Make Yourself Open to Feedback

Depending on your organization’s established trust and culture, employees might fear providing candid feedback. Creating a feedback email that goes to HR offers a passive way for all employees to share directly with the HR team if they see/hear/read something that is of concern. By providing this outlet, you provide a form of communication to signal to the employees that their opinions matter. “The lone act of establishing this email communicates to the employees the company WANTS to hear from employees.

Grow Your Culture

Have a dedicated group of culture champions leading different initiatives virtually and onsite to cultivate the company’s values in this new “normal”. Have the executive team create a charter of the role of this
“Culture Club”, the importance it should uphold, and the format in which the team should execute on these initiatives.

Promote Inclusivity

Ensure an adequate representation of the population you are trying to solve for is at the table. Think about the re-allocation of funds to support other impactful initiatives affecting people’s lives right now as coffee and snacks aren’t the significant drivers these days.

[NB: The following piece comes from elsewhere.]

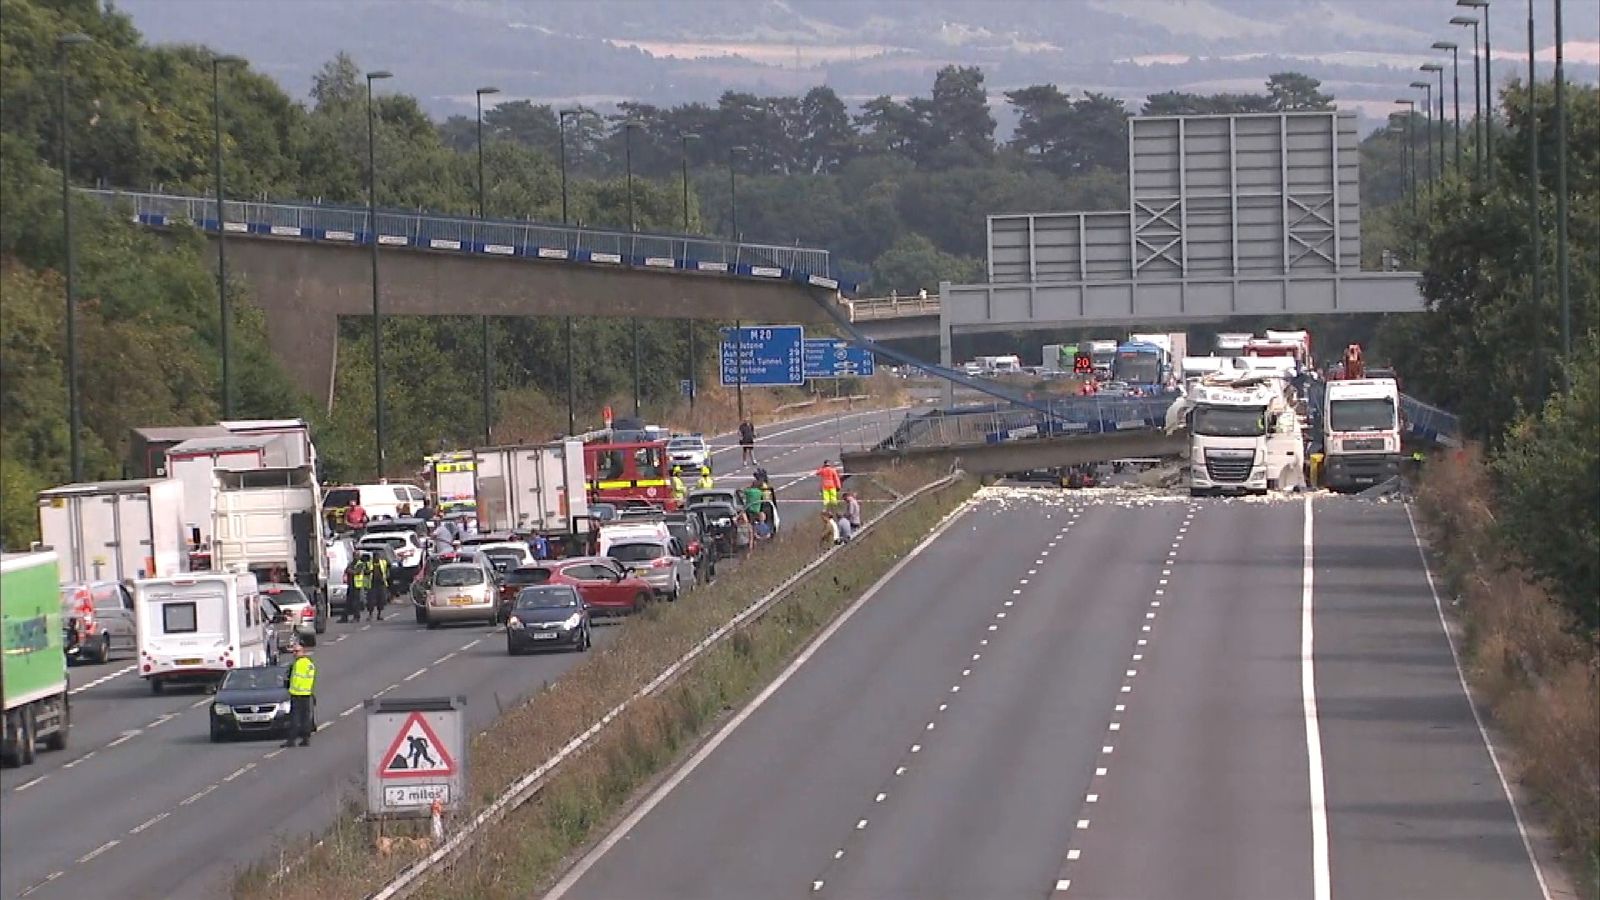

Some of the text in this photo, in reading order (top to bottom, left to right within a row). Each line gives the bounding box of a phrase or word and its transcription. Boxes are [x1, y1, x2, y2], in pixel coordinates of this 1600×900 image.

For example: How can you reallocate funds to help support offsetting the extra burden of childcare? Personally, my children are self-sufficient and do not require constant care. Therefore, I am not the right person to be putting a plan together to support parents struggling with young children learning from home. I could be part of the solution, but those directly impacted by the issue will be more valuable in engaging solutions for the company.


Now that you’re armed with data and considerations, what’s next? What are the common themes, where are the opportunities? Problem-solving is where most leaders shine.

I would challenge you to think differently about the problems people are facing. These are complex and personal problems that are bleeding into the workplace. At SKG, we create cross-functional-team task forces to explore new ways to engage and support our staff. I would highly encourage organizations to solve problems differently than before we stepped into the evolving landscape of COVID-19.

The take-away here is employees have real and significantly different challenges. Get engaged, dig in, and listen to what they have to say. Getting your employees to connect to the business and engage in the vision is paramount right now.